Records from a collection
::::::

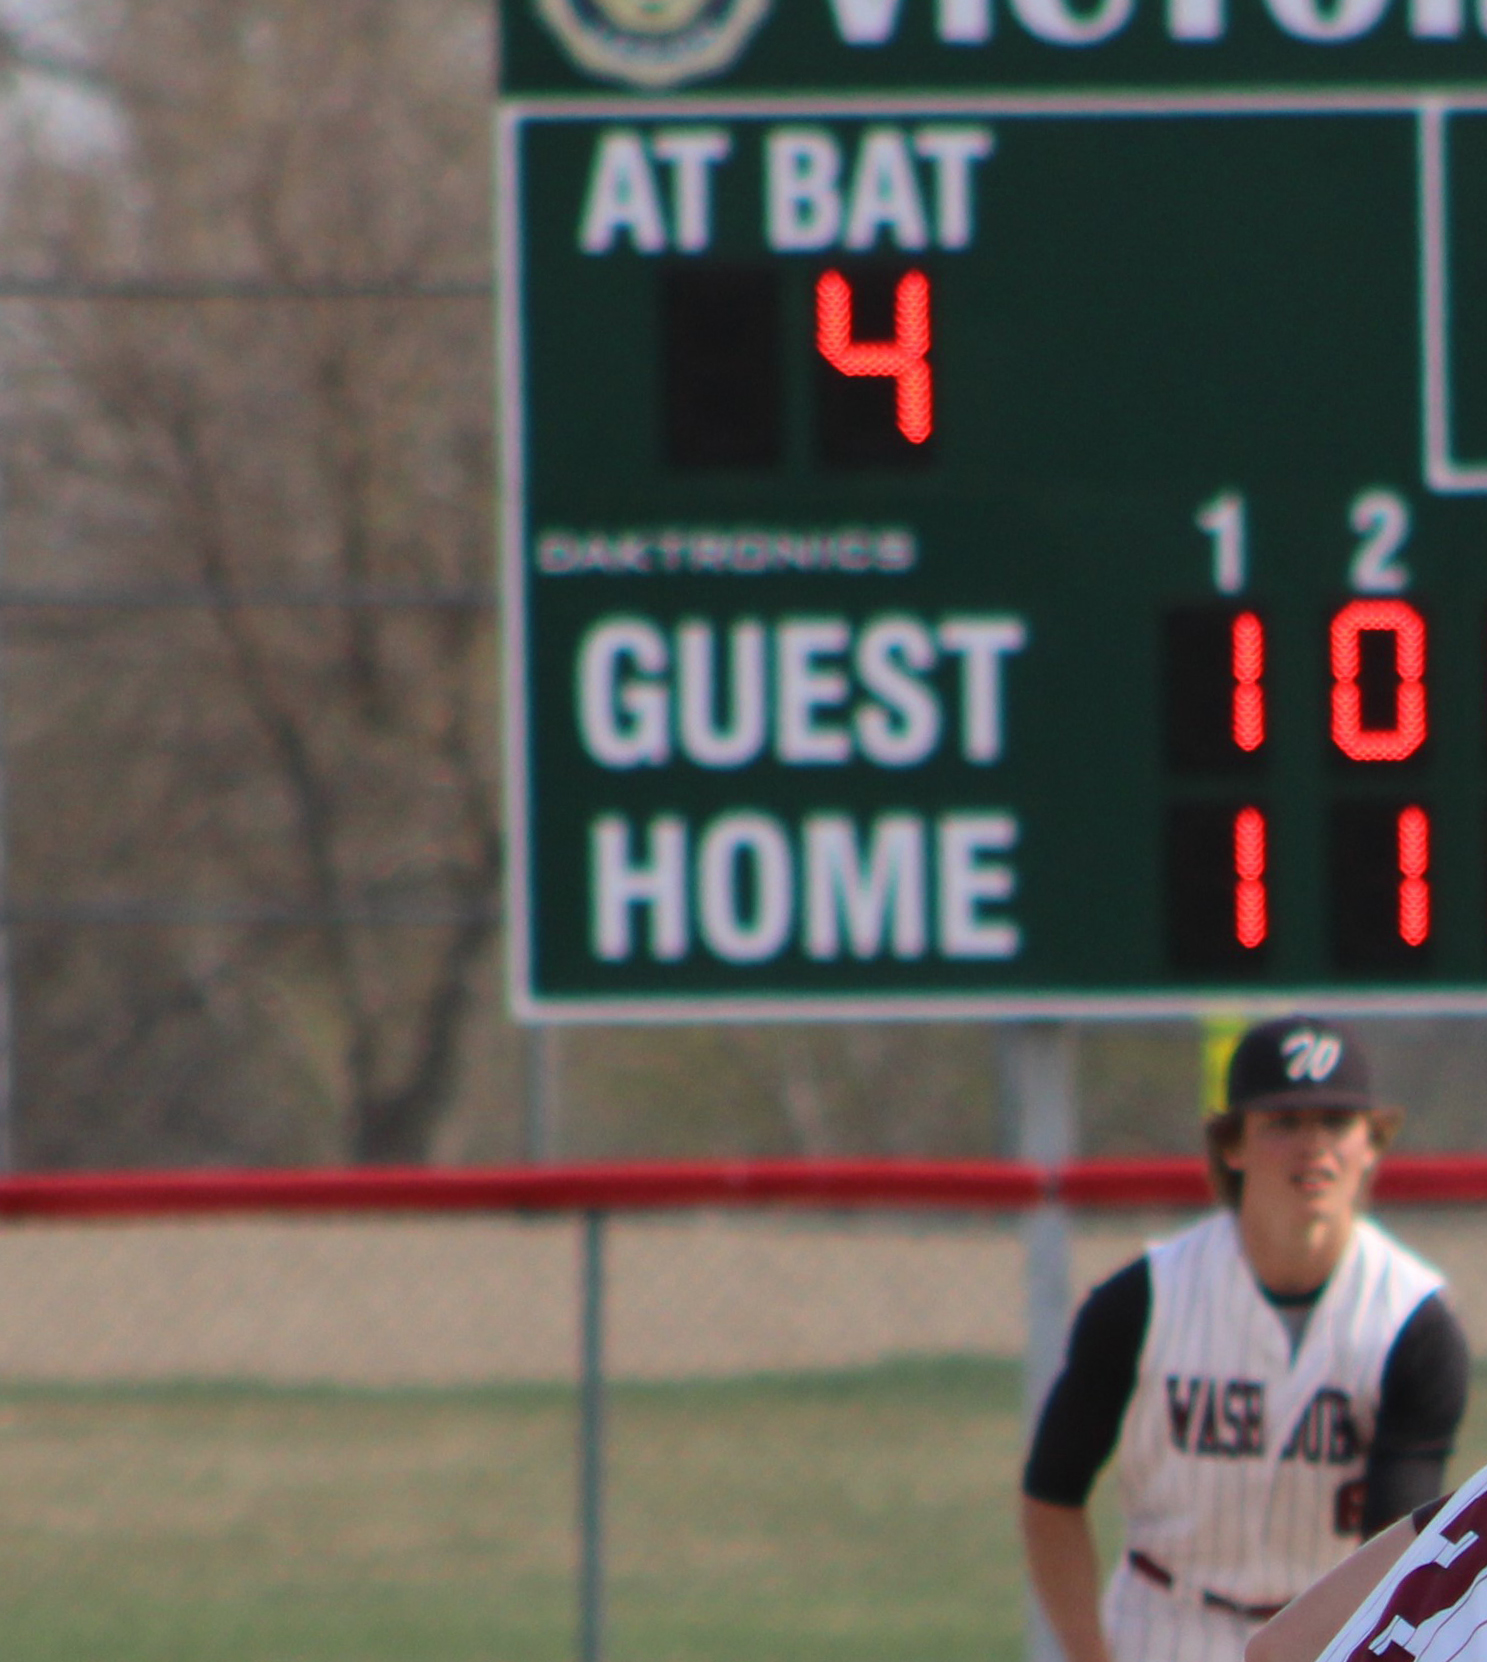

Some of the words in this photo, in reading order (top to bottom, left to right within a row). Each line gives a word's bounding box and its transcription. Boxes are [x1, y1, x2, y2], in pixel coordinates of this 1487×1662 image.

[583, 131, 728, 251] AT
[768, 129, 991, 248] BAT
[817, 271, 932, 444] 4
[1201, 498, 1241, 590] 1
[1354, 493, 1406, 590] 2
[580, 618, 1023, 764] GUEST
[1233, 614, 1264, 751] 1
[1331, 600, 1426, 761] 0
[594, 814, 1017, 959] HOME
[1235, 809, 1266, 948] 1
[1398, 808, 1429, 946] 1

::::::

[TASK TO COMPLETE] With the pictures set aside, please write out all of the records above exactly.

[EXPECTED OUTPUT]
Some of the words in this photo, in reading order (top to bottom, left to right within a row). Each line gives a word's bounding box and its transcription. Boxes are [x1, y1, x2, y2], in pixel coordinates of this 1487×1662 image.

[583, 131, 728, 251] AT
[768, 129, 991, 248] BAT
[817, 271, 932, 444] 4
[1201, 498, 1241, 590] 1
[1354, 493, 1406, 590] 2
[580, 618, 1023, 764] GUEST
[1233, 614, 1264, 751] 1
[1331, 600, 1426, 761] 0
[594, 814, 1017, 959] HOME
[1235, 809, 1266, 948] 1
[1398, 808, 1429, 946] 1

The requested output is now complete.